Howard asks one of the attendees to highlight the challenges of making data visualisations understandable and impactful for a diverse audience. Dr. Daan Steenkamp emphasises the importance of industry knowledge in interpreting data and storytelling expertise in effectively communicating its significance. He notes that while dashboarding tools are improving, they do not eliminate the need for thoughtful storytelling strategies. Howard adds that effective communication in data storytelling draws parallels with movie scriptwriting, focusing on elements like general relevance, engaging openings, clear structure, relatable characters, conflict resolution, and emotional connections. Both discuss the necessity of interactivity in visualisations to encourage audience engagement and the importance of compelling narratives when addressing complex data sets, especially when proposing changes such as new Data Management initiatives.

Communicating Effectively

Figure 8 Communicating Effectively

Effective Communication of Data Management and Ethical Considerations

Effective communication in analytics requires an understanding of key concepts such as Data Management, data engineering, business intelligence, data science, machine learning, and decision science. It is essential to clarify the distinctions among these areas and their relevance to the business to ensure all stakeholders are aligned. Additionally, responsible analytics emphasizes the importance of ethics in data handling and the application of responsible AI.
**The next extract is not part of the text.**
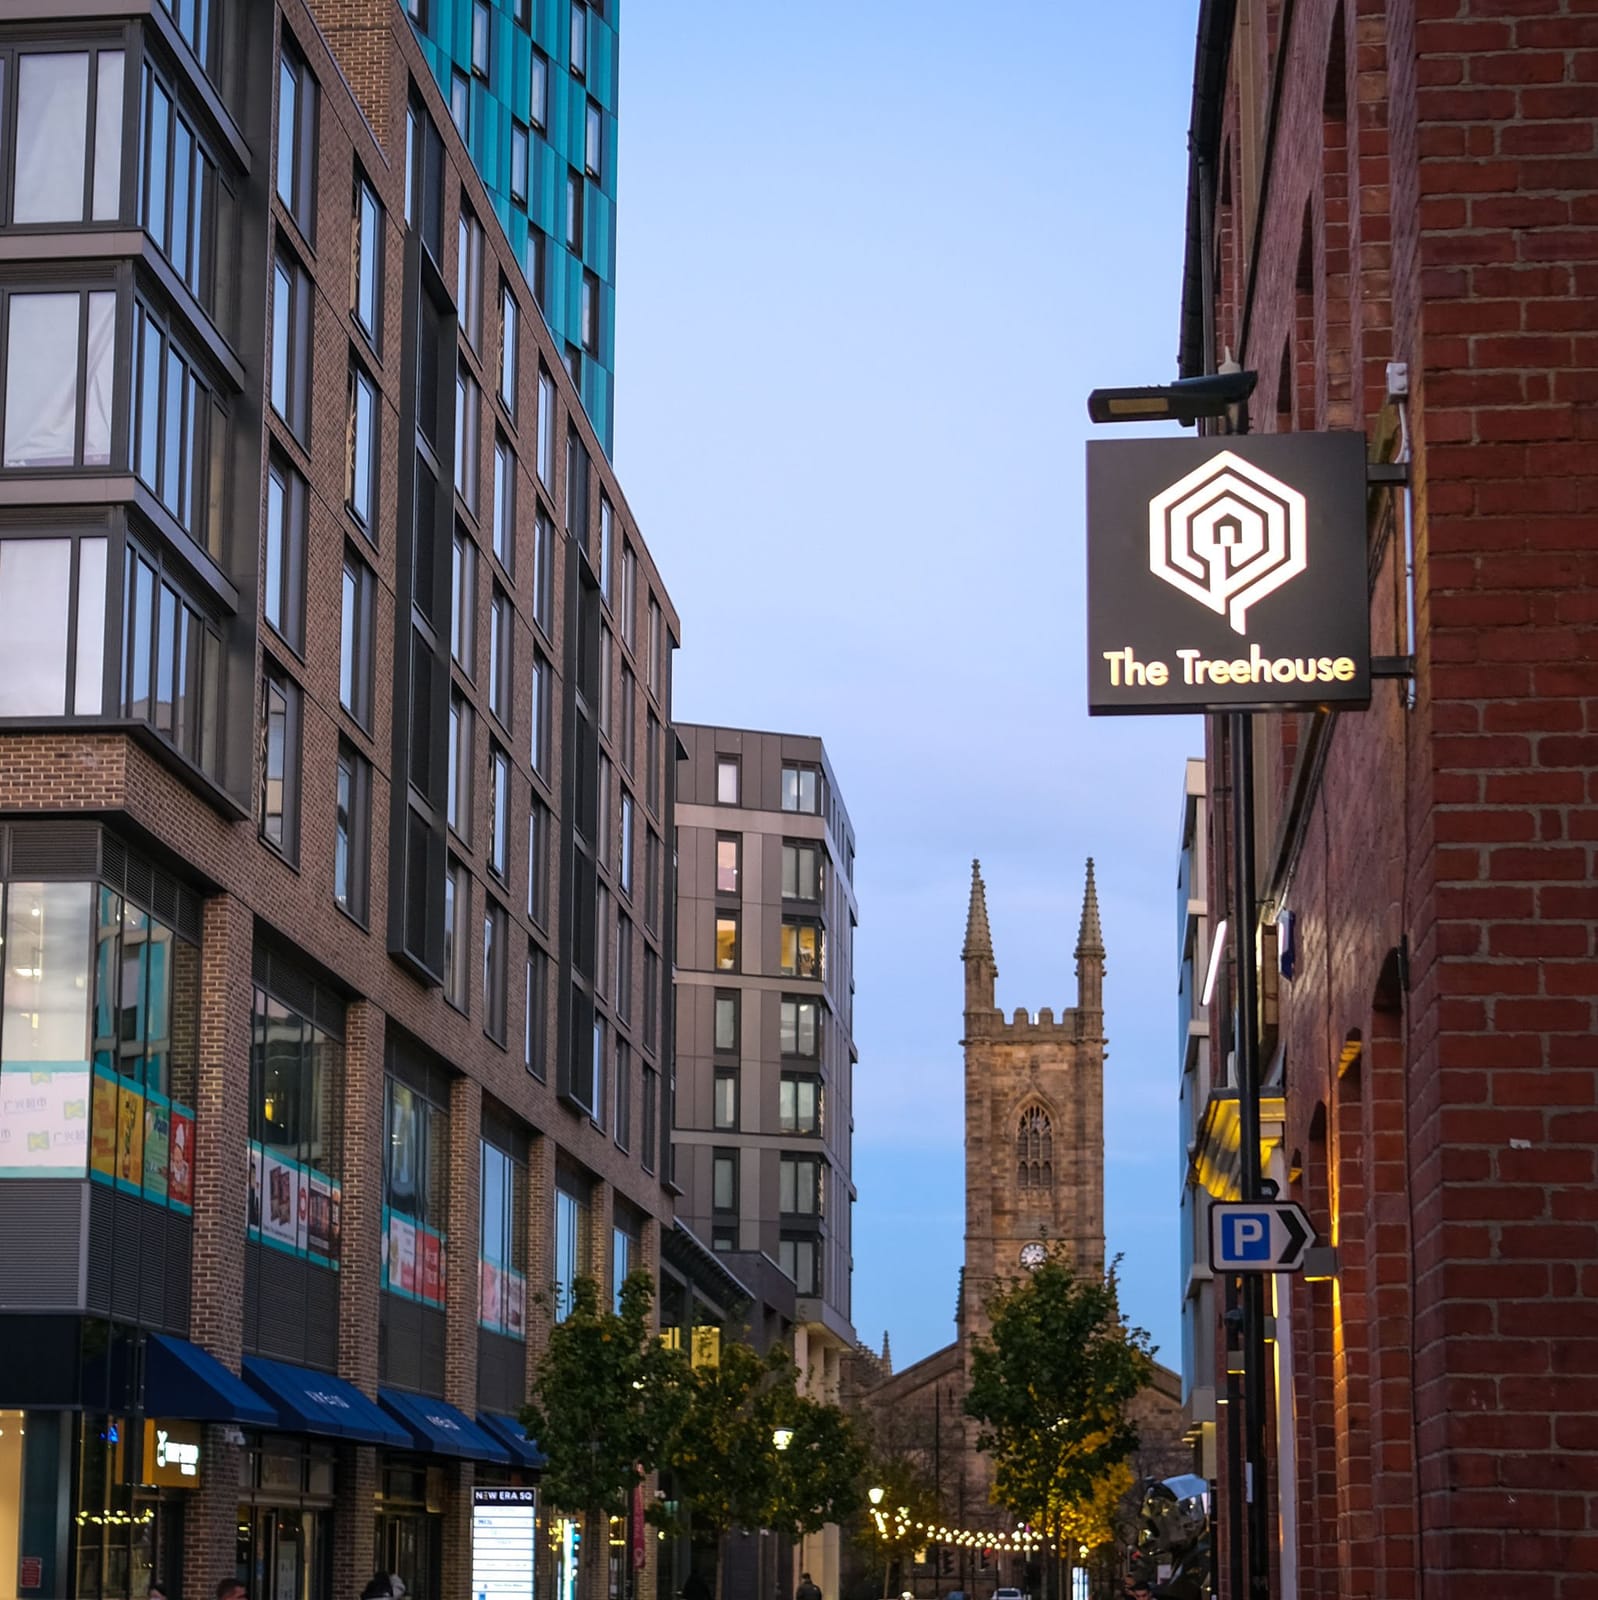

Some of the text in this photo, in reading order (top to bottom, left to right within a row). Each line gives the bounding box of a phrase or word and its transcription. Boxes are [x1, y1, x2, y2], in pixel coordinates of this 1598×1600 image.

Organizations must establish protocols to validate data usage and mitigate potential harm before implementation, rather than addressing issues retrospectively. This proactive approach is vital for fostering trust and ensuring the ethical use of data throughout the analytical process.

Communicating Effectively: Data Story Telling: General Relevance

Figure 9 Communicating Effectively: Data Story Telling: General Relevance

Communicating Effectively

Figure 10 Communicating Effectively

Future of Business Applications and Digital Decision-Making

An attendee mentions that analytical business applications are evolving to enhance the speed and efficiency of decision-making processes. A key development in this area is digital decision-making, which involves utilising machine learning models or robotic process automation (RPA) to make decisions autonomously. Additionally, it reduces the need for human intervention. It raises critical questions about the types of decisions that can be automated and the acceptable quality standards for these models, particularly concerning their rates of false positives and false negatives.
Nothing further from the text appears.